───── Supplied records ─────

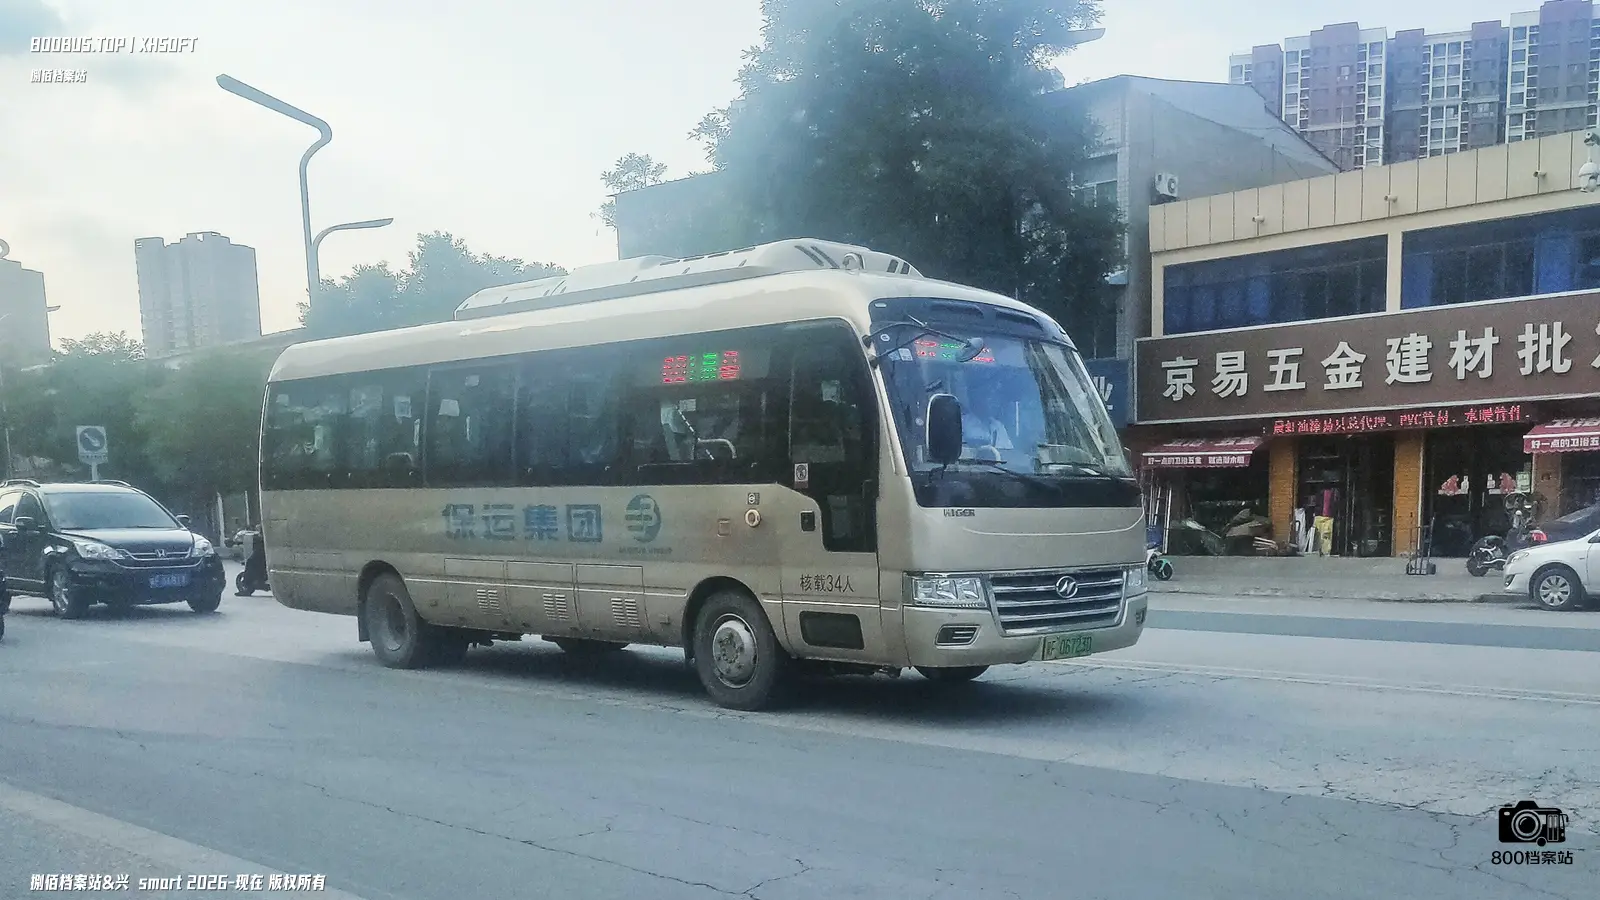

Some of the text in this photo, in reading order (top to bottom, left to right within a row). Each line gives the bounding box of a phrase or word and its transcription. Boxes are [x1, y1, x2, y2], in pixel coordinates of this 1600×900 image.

[1161, 320, 1600, 402] 京易五金建材批
[442, 503, 603, 543] 保运集团
[800, 574, 855, 593] 核载34人
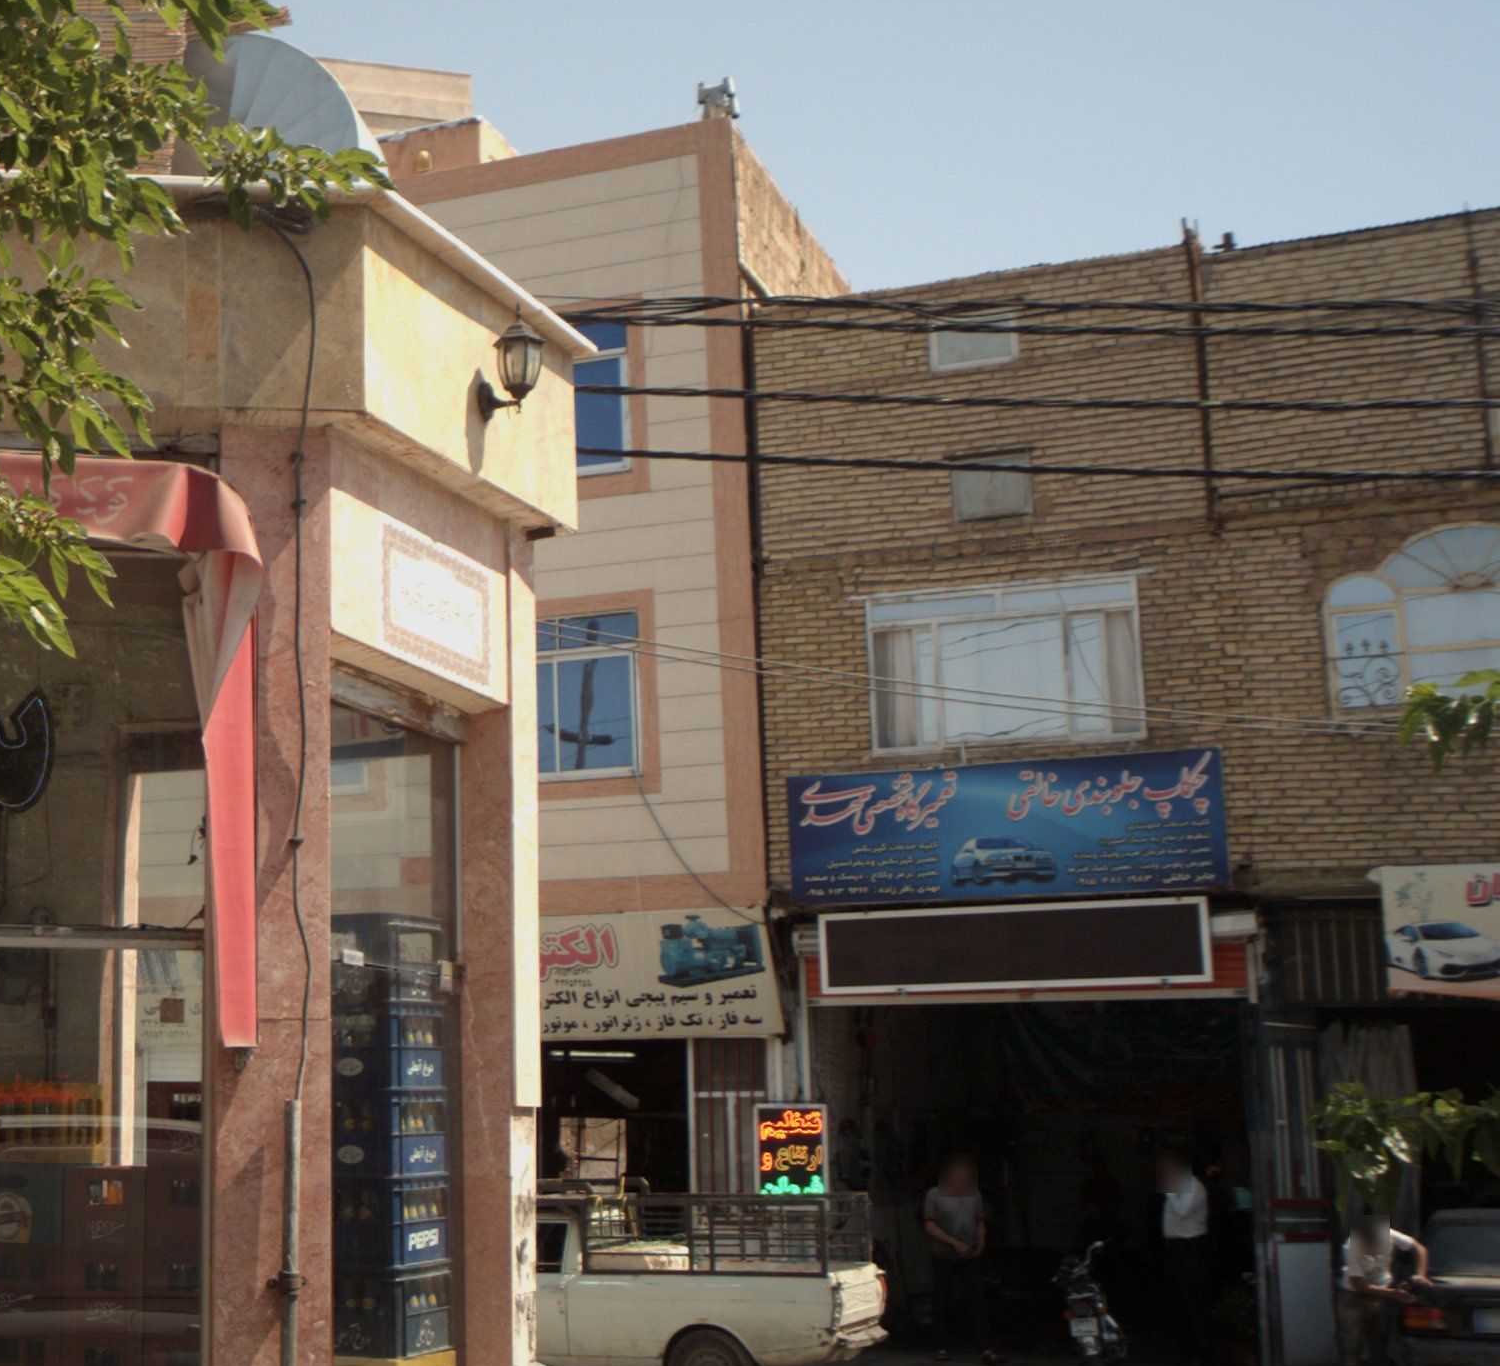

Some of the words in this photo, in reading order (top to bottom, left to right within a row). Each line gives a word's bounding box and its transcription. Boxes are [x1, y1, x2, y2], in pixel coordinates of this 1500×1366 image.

[1007, 770, 1062, 821] خالقی
[1061, 769, 1144, 816] جلوبندی
[583, 989, 620, 1009] انواع
[625, 992, 666, 1008] پیچی
[671, 993, 699, 1006] سیم
[705, 990, 713, 1005] و
[718, 985, 757, 1006] تعمیر
[543, 1017, 578, 1034] موتور
[593, 1015, 642, 1033] ژنراتور
[657, 1012, 675, 1031] فاز
[680, 1012, 703, 1026] تک
[718, 1011, 739, 1030] فاز
[743, 1015, 763, 1025] سه
[759, 1109, 823, 1141] تنظیم
[760, 1151, 773, 1172] و
[775, 1144, 823, 1172] ارتفاع
[408, 1228, 439, 1251] PEPSI
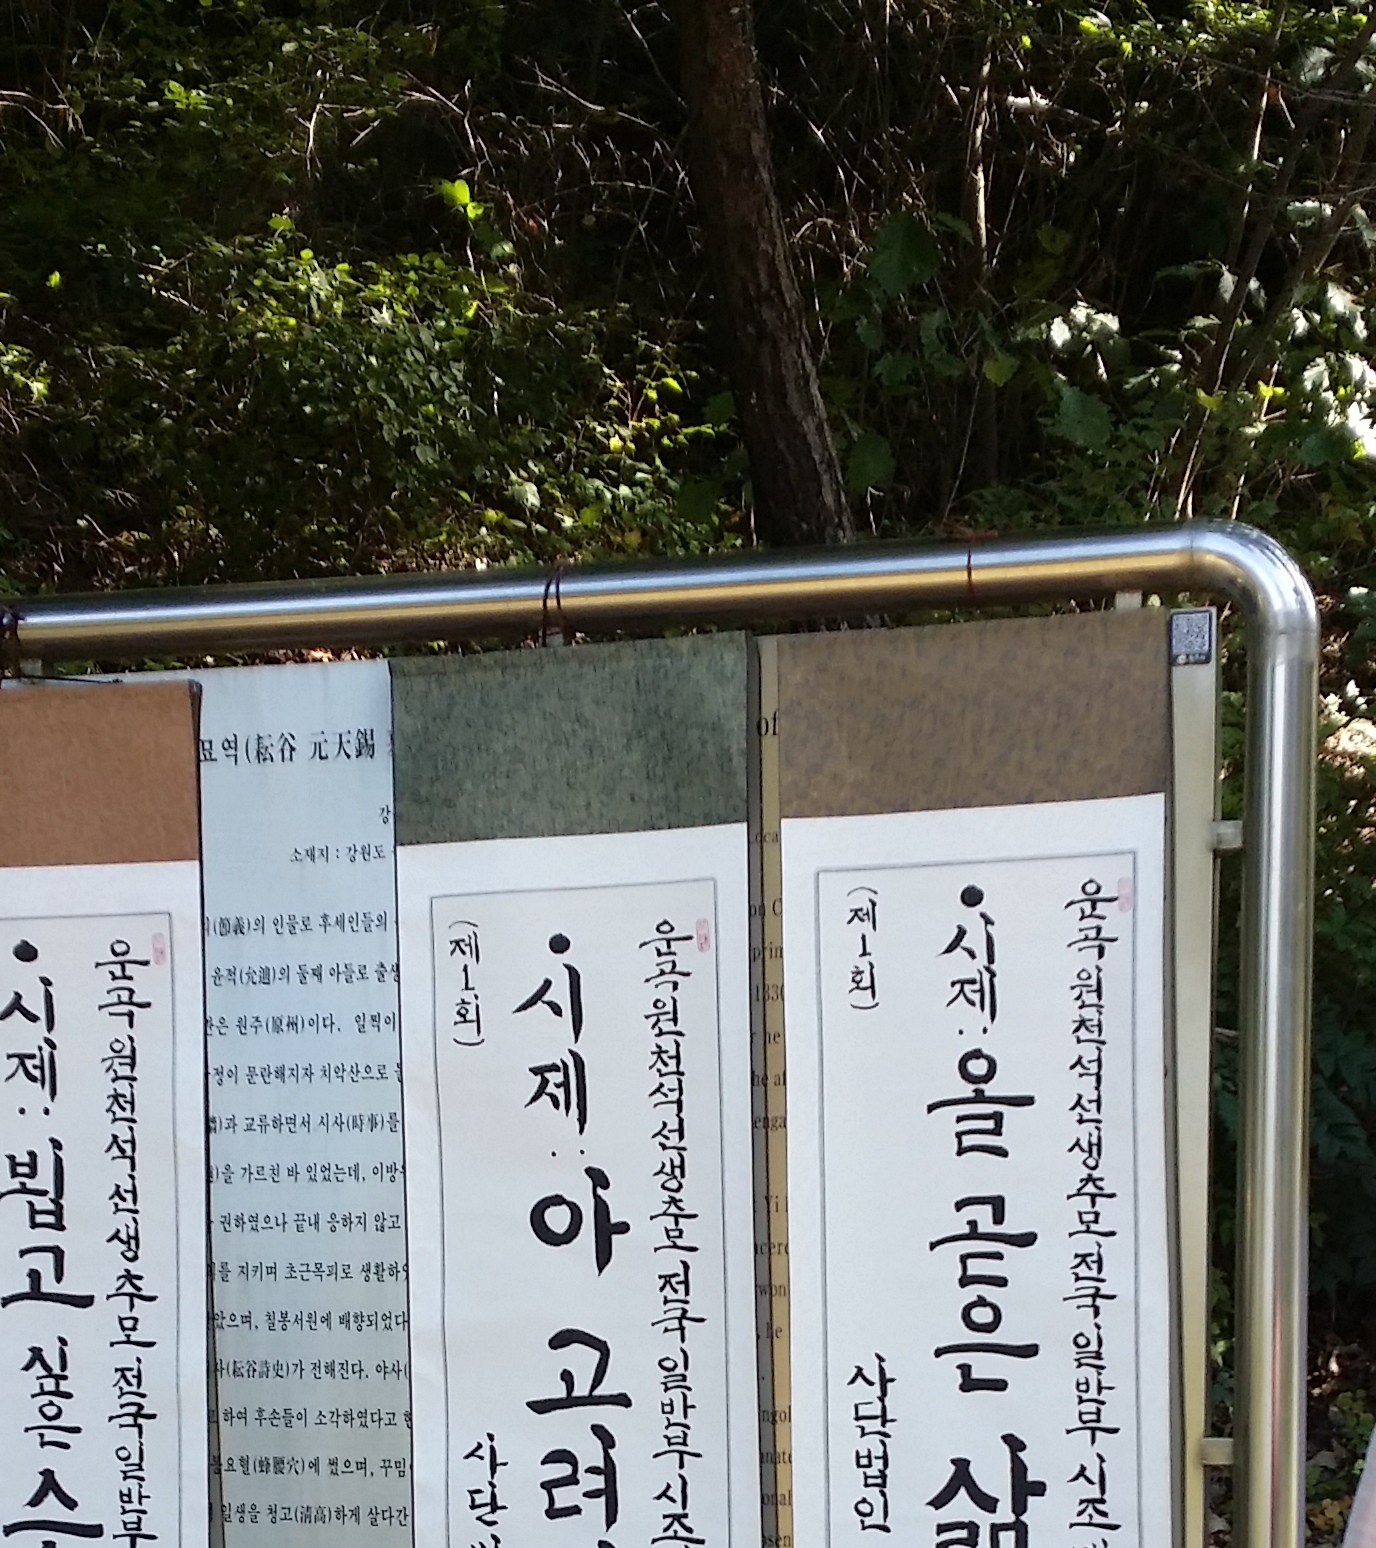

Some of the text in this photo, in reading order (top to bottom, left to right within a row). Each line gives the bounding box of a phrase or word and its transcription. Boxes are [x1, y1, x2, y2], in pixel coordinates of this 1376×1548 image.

[246, 1063, 314, 1085] 문란해지자
[320, 1062, 389, 1083] 치악산으로
[244, 1113, 311, 1134] 교류하면서
[241, 1163, 280, 1184] 가르친
[287, 1163, 300, 1183] 바
[219, 1212, 401, 1233] 권하였으나 끝내 응하지 않고
[237, 1261, 277, 1282] 지키며
[285, 1262, 354, 1282] 초근목피로
[265, 1311, 332, 1332] 칠봉서원에
[254, 1407, 308, 1428] 후손들이
[314, 1408, 398, 1429] 소각하였다고
[367, 1506, 410, 1527] 살다간

─────

Work instruction:
Omit the pictures and print the listing exactly.

Finished exercise:
Some of the text in this photo, in reading order (top to bottom, left to right within a row). Each line gives the bounding box of a phrase or word and its transcription. Boxes are [x1, y1, x2, y2], in pixel coordinates of this 1600×900 image.

[1161, 320, 1600, 402] 京易五金建材批
[442, 503, 603, 543] 保运集团
[800, 574, 855, 593] 核载34人

Some of the words in this photo, in reading order (top to bottom, left to right within a row). Each line gives a word's bounding box and its transcription. Boxes are [x1, y1, x2, y2], in pixel coordinates of this 1500×1366 image.

[1007, 770, 1062, 821] خالقی
[1061, 769, 1144, 816] جلوبندی
[583, 989, 620, 1009] انواع
[625, 992, 666, 1008] پیچی
[671, 993, 699, 1006] سیم
[705, 990, 713, 1005] و
[718, 985, 757, 1006] تعمیر
[543, 1017, 578, 1034] موتور
[593, 1015, 642, 1033] ژنراتور
[657, 1012, 675, 1031] فاز
[680, 1012, 703, 1026] تک
[718, 1011, 739, 1030] فاز
[743, 1015, 763, 1025] سه
[759, 1109, 823, 1141] تنظیم
[760, 1151, 773, 1172] و
[775, 1144, 823, 1172] ارتفاع
[408, 1228, 439, 1251] PEPSI

Some of the text in this photo, in reading order (top to bottom, left to right within a row). Each line gives the bounding box of a phrase or word and its transcription. Boxes are [x1, y1, x2, y2], in pixel coordinates of this 1376×1548 image.

[246, 1063, 314, 1085] 문란해지자
[320, 1062, 389, 1083] 치악산으로
[244, 1113, 311, 1134] 교류하면서
[241, 1163, 280, 1184] 가르친
[287, 1163, 300, 1183] 바
[219, 1212, 401, 1233] 권하였으나 끝내 응하지 않고
[237, 1261, 277, 1282] 지키며
[285, 1262, 354, 1282] 초근목피로
[265, 1311, 332, 1332] 칠봉서원에
[254, 1407, 308, 1428] 후손들이
[314, 1408, 398, 1429] 소각하였다고
[367, 1506, 410, 1527] 살다간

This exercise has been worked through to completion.